Keywords

1 Introduction

Image reconstruction from down-sampled or limited measurements, e.g., low dose and limited angle CT, are examples of ill-posed inverse problems, which can be formulated as estimating the image \(u\in X\) from the measurement \(g\in Y\),

$$\begin{aligned} g = Au + n, \end{aligned}$$
(1)

where the reconstruction space X and data space Y are typically Hilbert space, \(A:X\rightarrow Y\) is the projection matrix for sparse CT, and \(n\in Y\) is the random noises generated during the imaging processes. The goal of CT reconstruction is to recover the image u from the set of acquired projection data g. For the sparse-view CT, the system matrix, denoted by \(A_S\), has fewer rows than columns so that there is a nontrivial nullspace and has infinity many solutions. Even if the solution of the inverse problem exists and is unique, the linear operator \(A_S\) may still be ill-conditioned such that the condition number \(\Vert A\Vert \Vert A^{-1}\Vert \) is large and the linear system (1) is sensitive to the perturbations in data.
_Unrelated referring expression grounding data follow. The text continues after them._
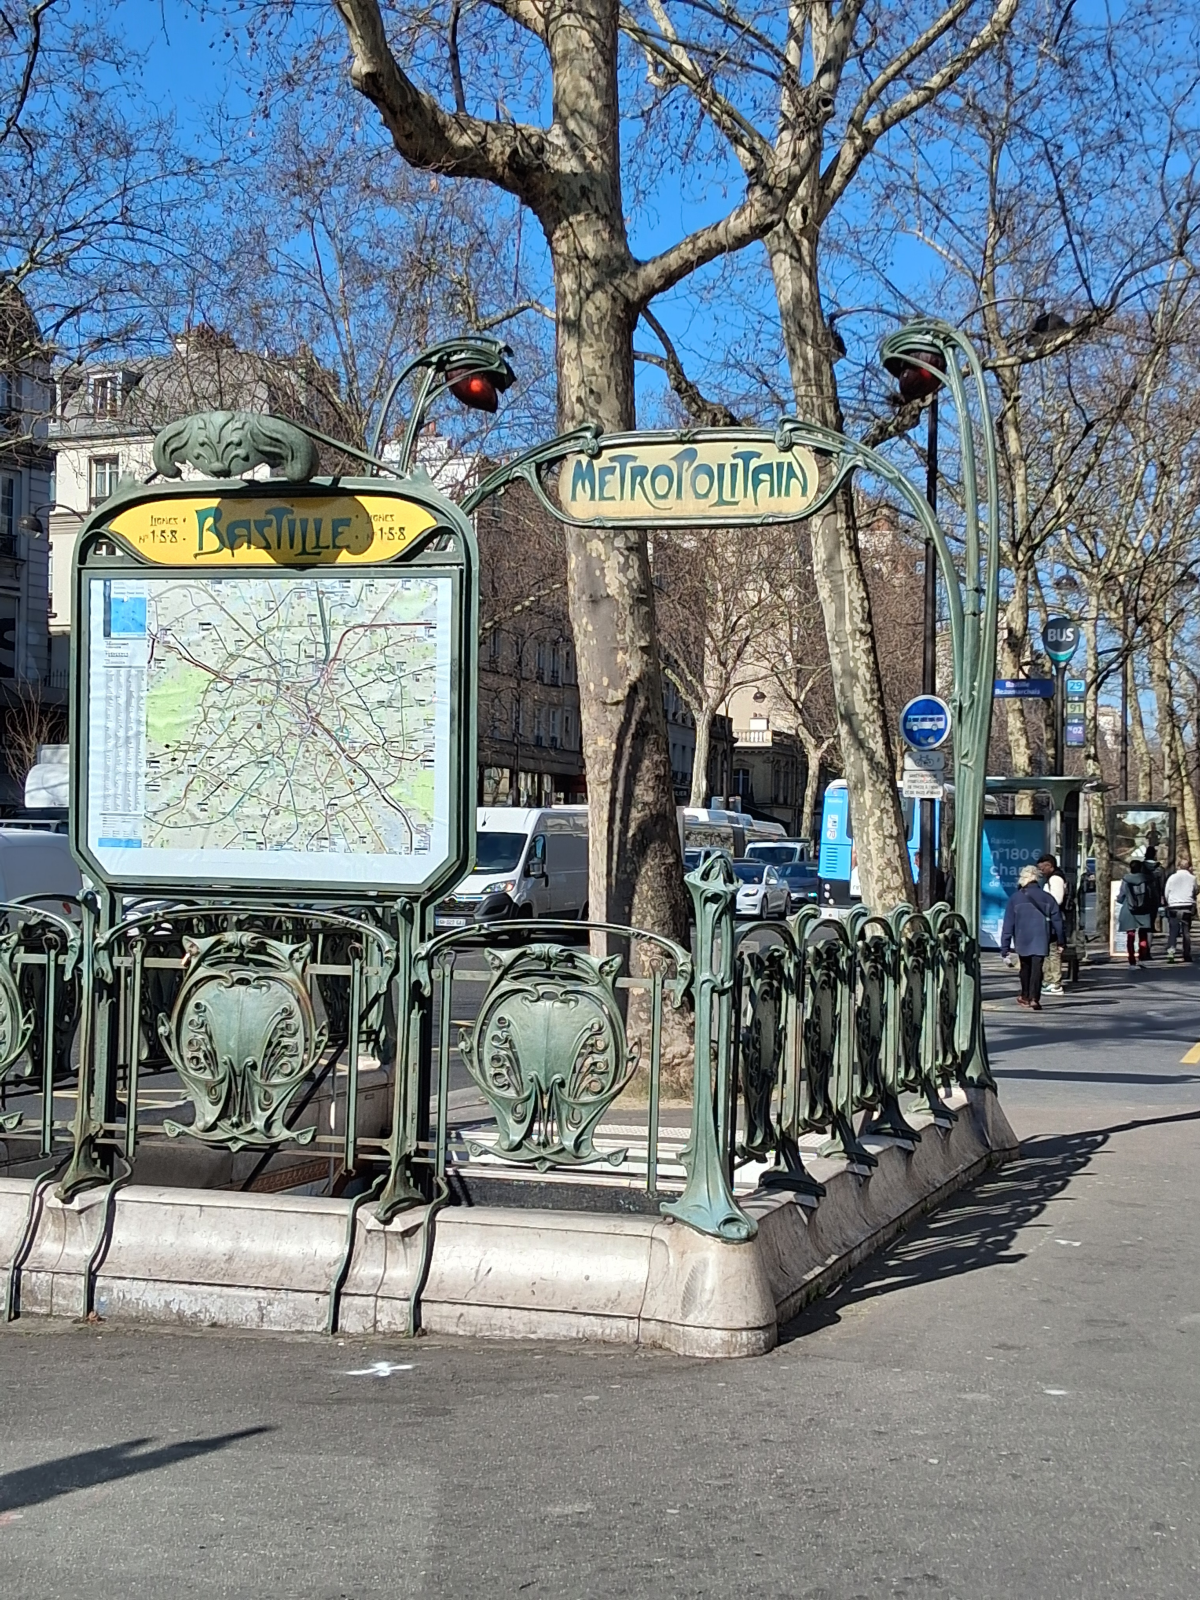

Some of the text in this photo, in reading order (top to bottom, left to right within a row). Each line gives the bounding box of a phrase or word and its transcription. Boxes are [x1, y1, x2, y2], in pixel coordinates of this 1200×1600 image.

[570, 446, 808, 511] METROPOLITAIN
[193, 506, 352, 560] BASTILLE
[1047, 627, 1075, 642] BUS
[1070, 681, 1083, 690] 29
[1069, 703, 1081, 712] 91
[990, 837, 1016, 845] Raison
[989, 879, 1000, 888] de
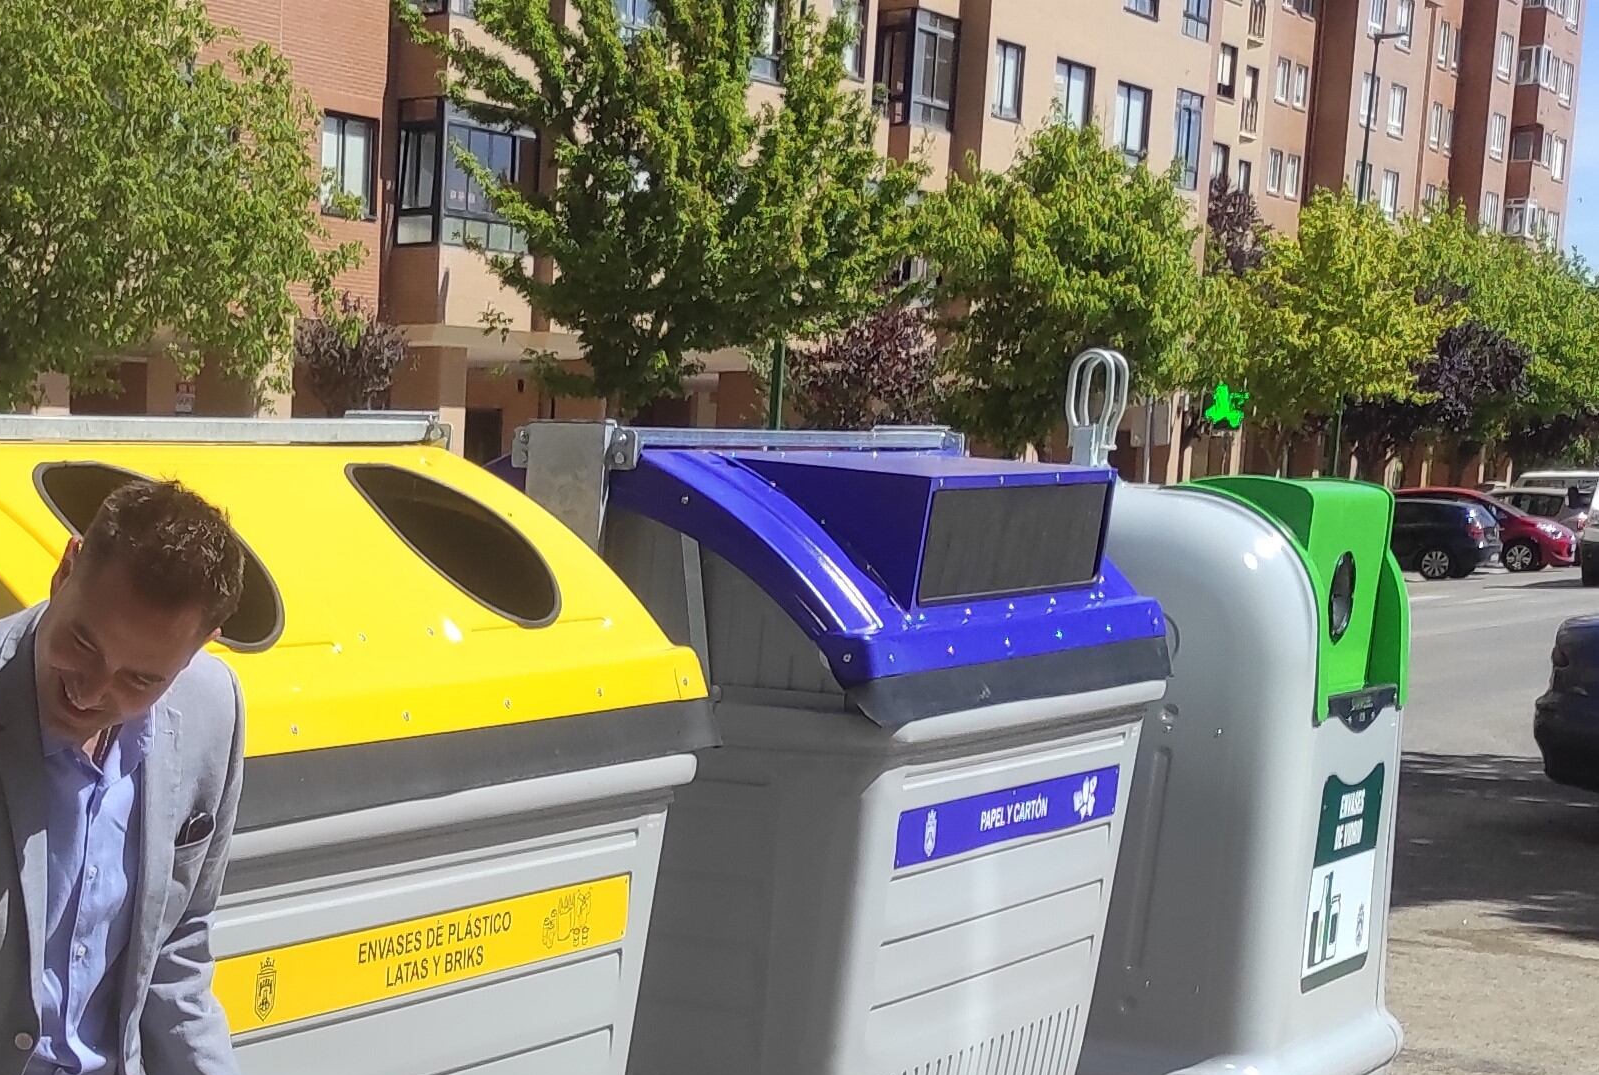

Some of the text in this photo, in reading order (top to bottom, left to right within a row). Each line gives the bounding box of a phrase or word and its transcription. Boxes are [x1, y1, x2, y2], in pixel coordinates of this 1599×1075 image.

[980, 793, 1049, 832] PAPEL Y CARTÓN
[358, 912, 512, 964] ENVASES DE PLÁSTICO
[386, 945, 484, 987] LATAS Y BRIKS
One way for the ill-posed inverse problem is to introduce certain regularity into the problem to guarantee the existence, uniqueness and stability of the solution. The general regularization method gives the following energy minimization problem

$$\begin{aligned} \min _{u\in X} ~ \mathcal D(Au,g)+\mathcal R(u), \end{aligned}$$
(2)

where \(\mathcal D(Au,g)\) is the data fidelity term and \(\mathcal R(u)\) is the regularization. Thus, the task of solving (2) mainly includes: (1) how to define the data fidelity to describe the interrelationship between g and u; and (2) how to model the regularization according to the prior information of u. In case of additive Gaussian noise and u being piecewise constant, we can obtain the well-known total variation minimization model for CT reconstruction [7]. Although TV regularization improves the reconstruction quality compared to analytical reconstruction such as filtered back-projection (FBP) method, it is still not judicious to choose the data fidelity and regularization in such a sophisticated way.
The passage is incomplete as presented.